▶ **Exercise description**
Every record below is to be restated verbatim, though its images are not.

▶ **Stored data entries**
'''

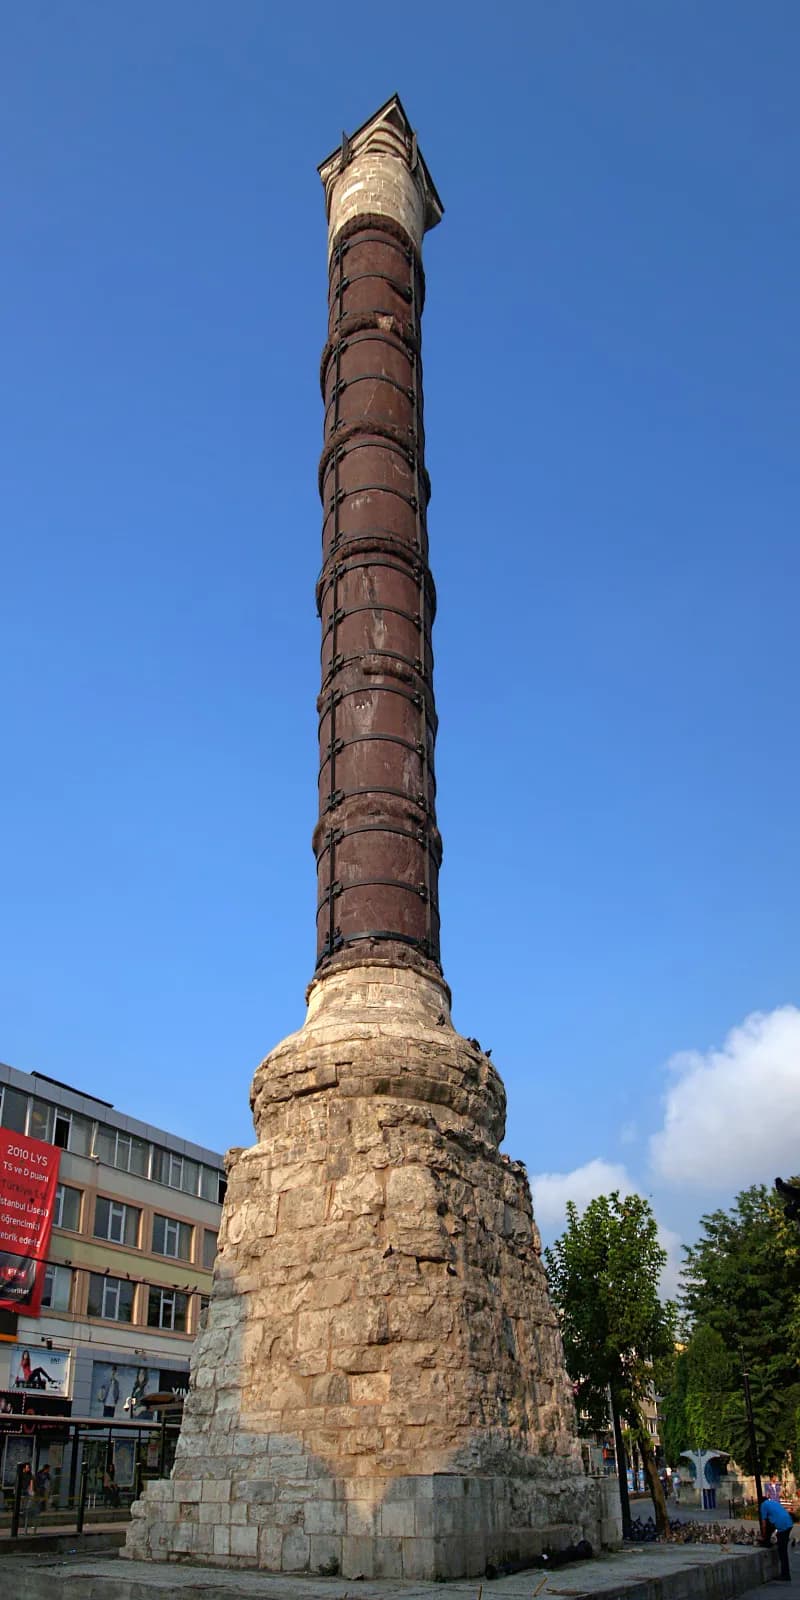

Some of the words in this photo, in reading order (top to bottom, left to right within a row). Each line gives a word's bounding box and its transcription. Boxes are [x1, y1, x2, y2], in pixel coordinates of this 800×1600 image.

[8, 1144, 29, 1160] 2010
[30, 1152, 48, 1166] LYS
[3, 1160, 13, 1171] TS
[14, 1166, 23, 1174] ve
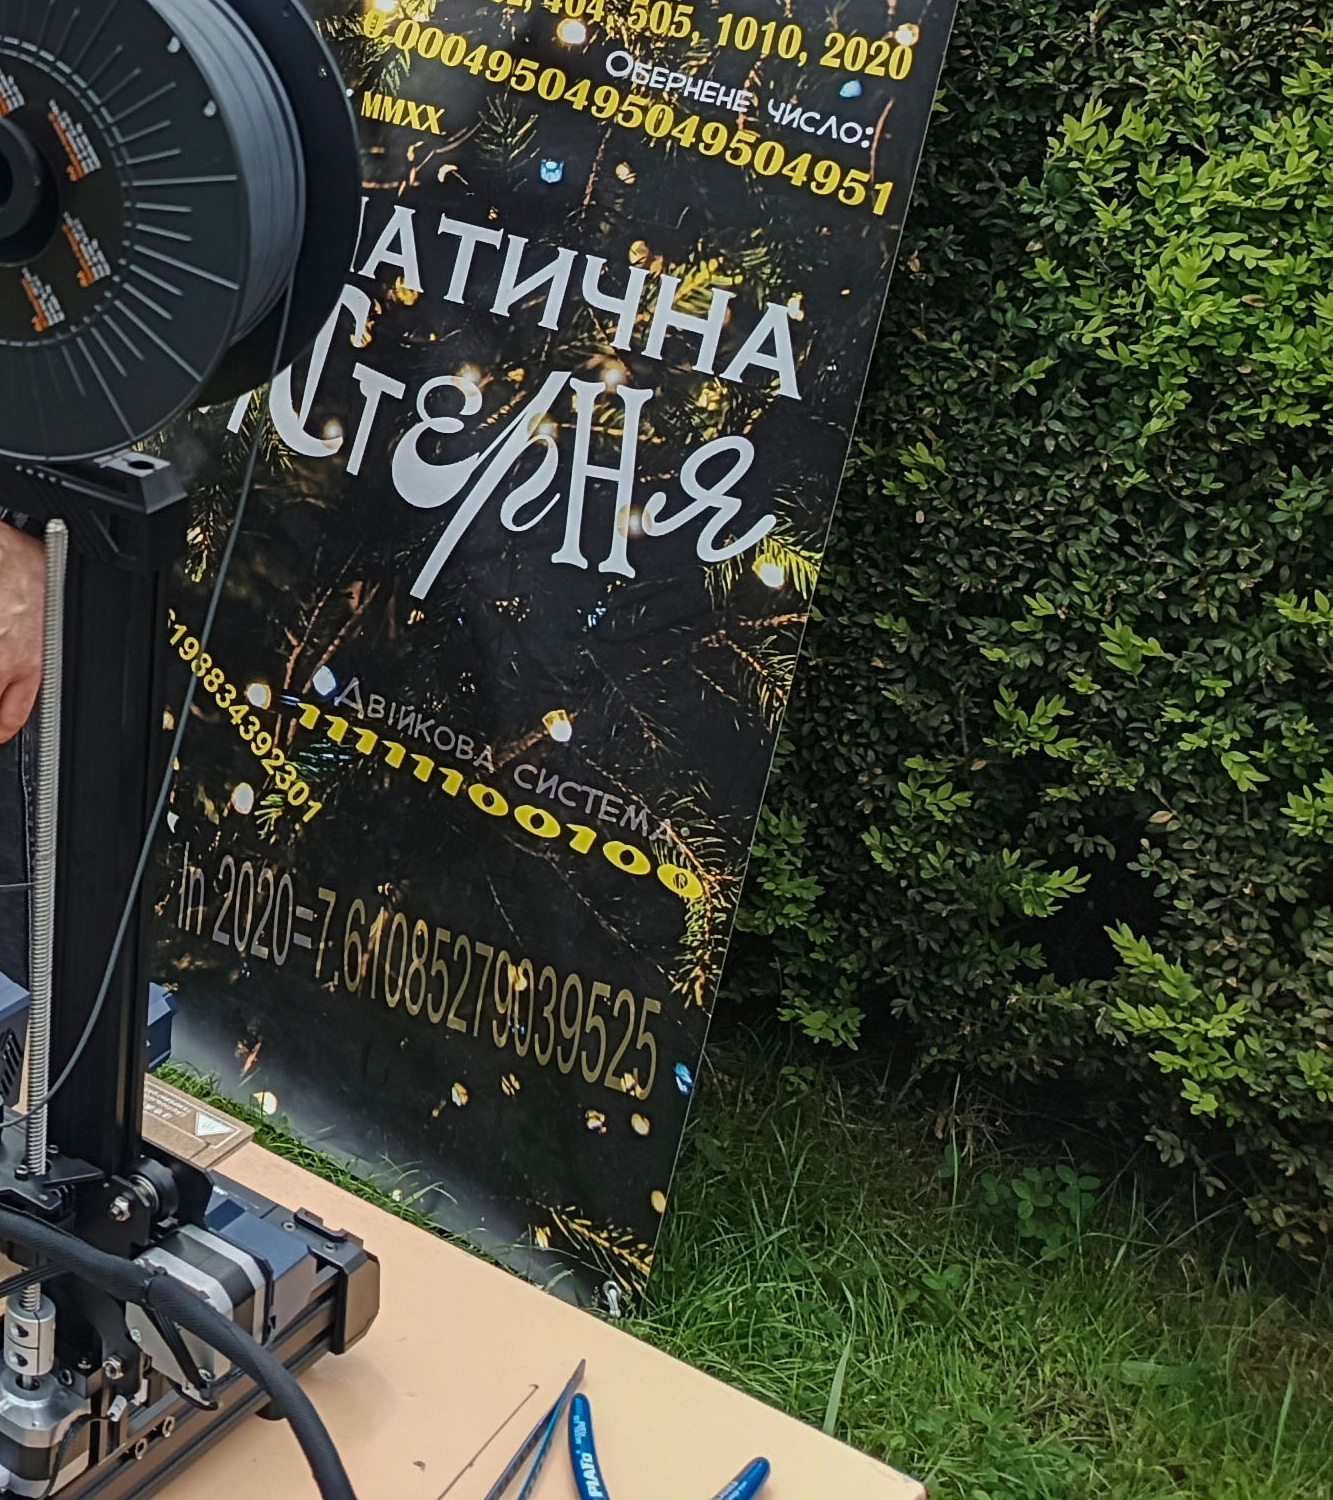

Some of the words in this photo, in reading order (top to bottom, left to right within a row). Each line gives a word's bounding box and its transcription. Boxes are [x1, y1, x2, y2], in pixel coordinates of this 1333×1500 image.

[716, 12, 809, 68] 1010,
[820, 31, 914, 81] 2020
[350, 195, 802, 400] АТИЧНА
[167, 607, 323, 823] 198834392301
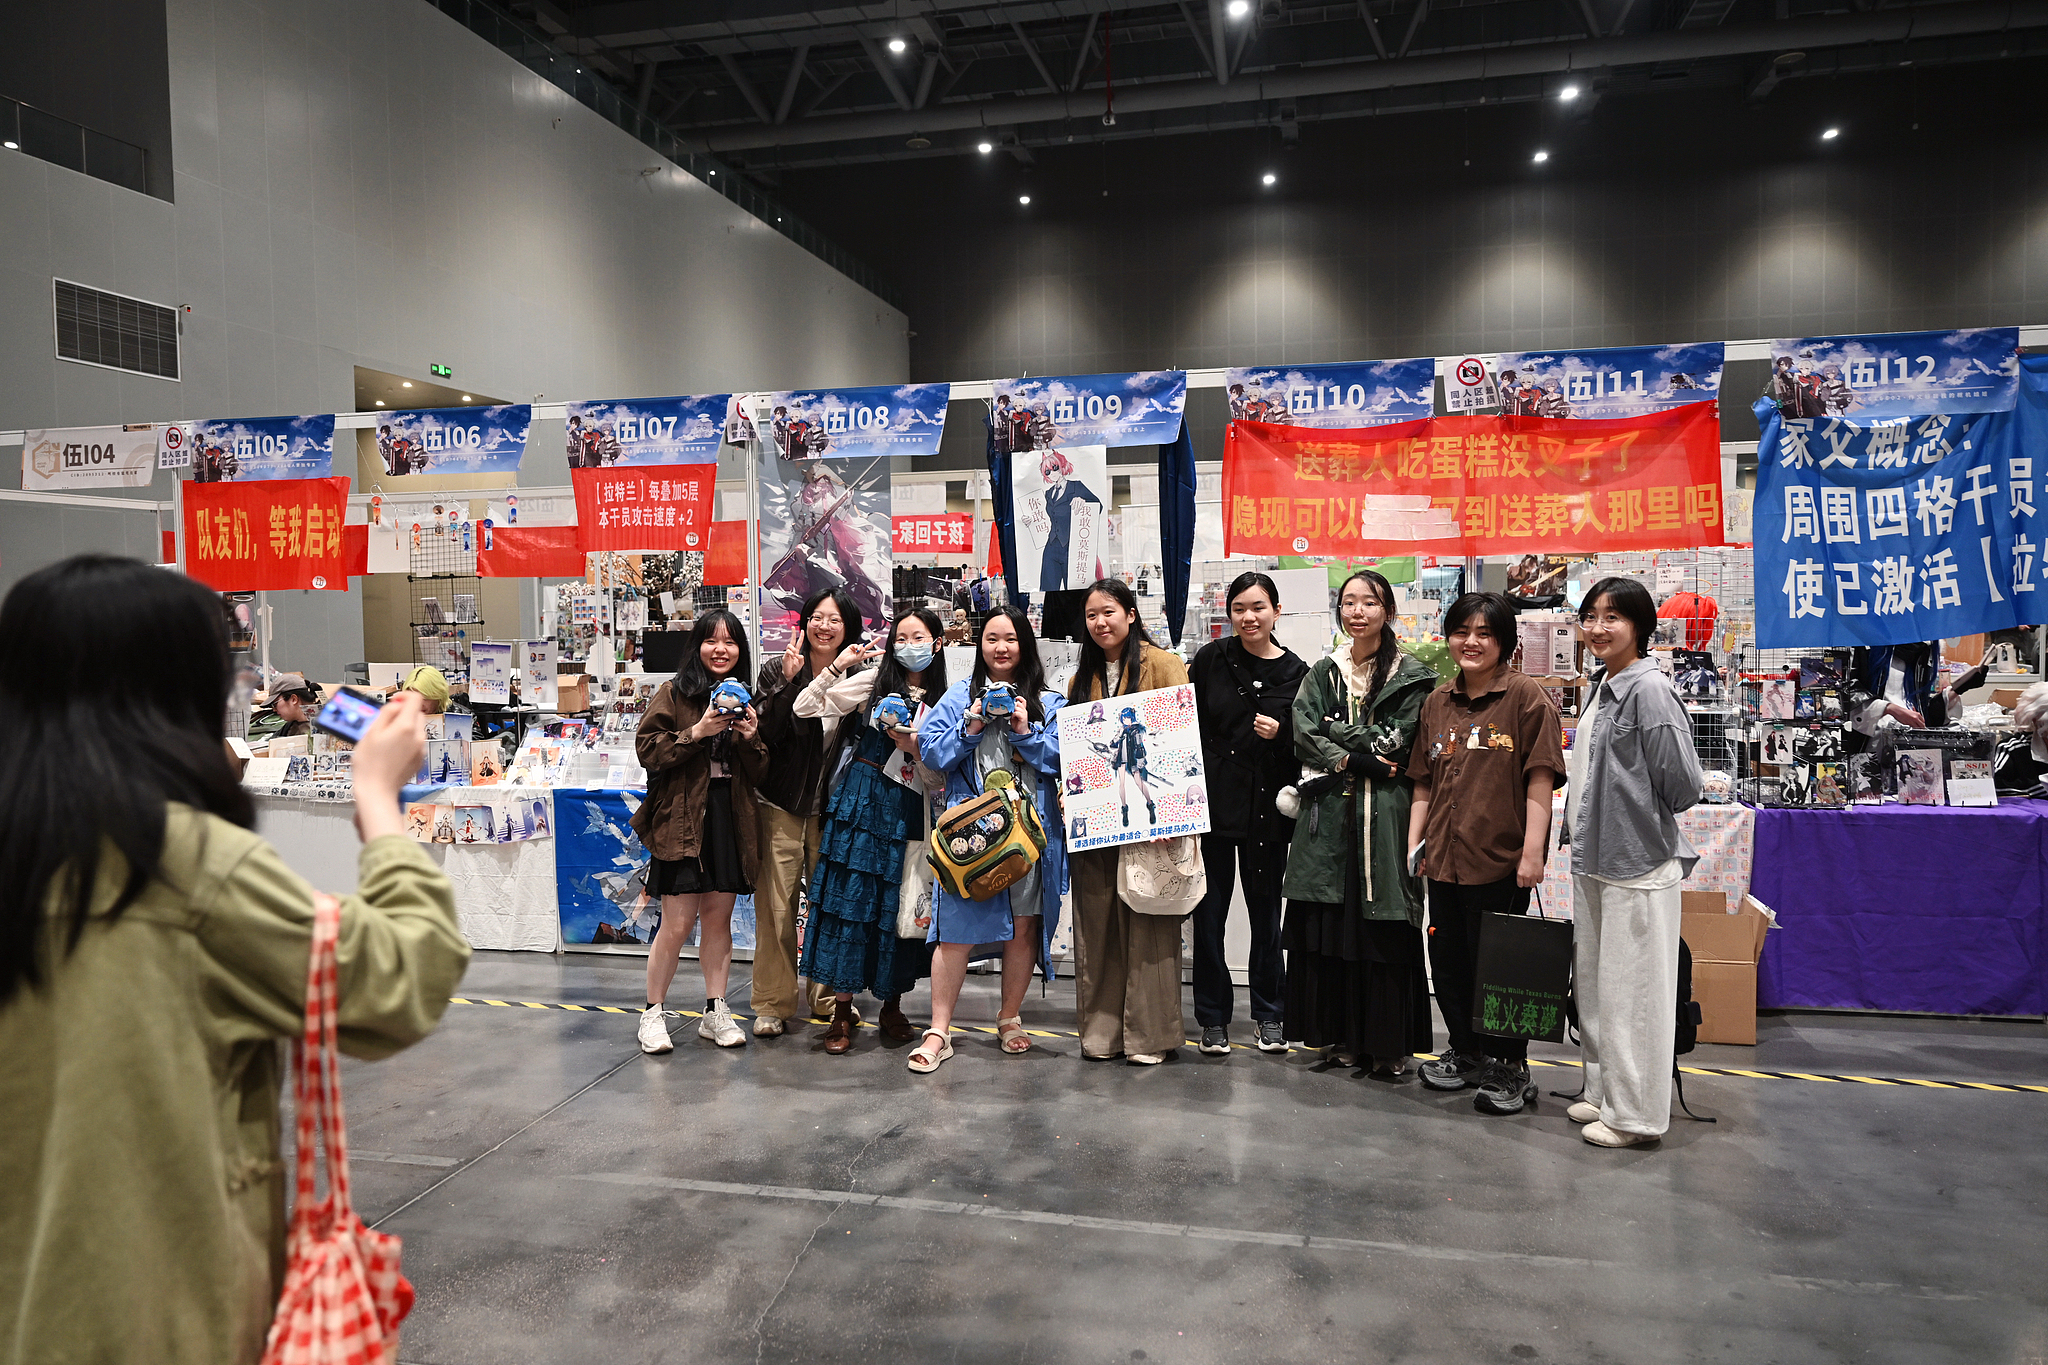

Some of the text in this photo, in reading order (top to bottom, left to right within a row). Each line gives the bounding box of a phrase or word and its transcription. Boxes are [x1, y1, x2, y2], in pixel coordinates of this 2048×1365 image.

[1450, 386, 1495, 400] 同人区域
[1451, 395, 1496, 408] 禁止拍摄
[1294, 431, 1640, 482] 送葬人吃蛋糕没叉子了
[596, 481, 699, 505] 【拉特兰】每叠加5层
[1233, 483, 1719, 539] 隐现可以到送葬人那里吗
[1781, 456, 2048, 545] 周围四格干员
[1027, 497, 1049, 534] 你敢吗
[1781, 532, 2048, 620] 使已激活【拉
[1482, 983, 1507, 993] Fiddling
[1508, 987, 1525, 995] While
[1525, 988, 1543, 997] Texas

'''

▶ **Output**
Some of the words in this photo, in reading order (top to bottom, left to right within a row). Each line gives a word's bounding box and its transcription. Boxes are [x1, y1, x2, y2], in pixel coordinates of this 800×1600 image.

[8, 1144, 29, 1160] 2010
[30, 1152, 48, 1166] LYS
[3, 1160, 13, 1171] TS
[14, 1166, 23, 1174] ve

Some of the words in this photo, in reading order (top to bottom, left to right within a row). Each line gives a word's bounding box and its transcription. Boxes are [x1, y1, x2, y2], in pixel coordinates of this 1333×1500 image.

[716, 12, 809, 68] 1010,
[820, 31, 914, 81] 2020
[350, 195, 802, 400] АТИЧНА
[167, 607, 323, 823] 198834392301

Some of the text in this photo, in reading order (top to bottom, left to right within a row). Each line gives the bounding box of a phrase or word and its transcription. Boxes are [x1, y1, x2, y2], in pixel coordinates of this 2048×1365 image.

[1450, 386, 1495, 400] 同人区域
[1451, 395, 1496, 408] 禁止拍摄
[1294, 431, 1640, 482] 送葬人吃蛋糕没叉子了
[596, 481, 699, 505] 【拉特兰】每叠加5层
[1233, 483, 1719, 539] 隐现可以到送葬人那里吗
[1781, 456, 2048, 545] 周围四格干员
[1027, 497, 1049, 534] 你敢吗
[1781, 532, 2048, 620] 使已激活【拉
[1482, 983, 1507, 993] Fiddling
[1508, 987, 1525, 995] While
[1525, 988, 1543, 997] Texas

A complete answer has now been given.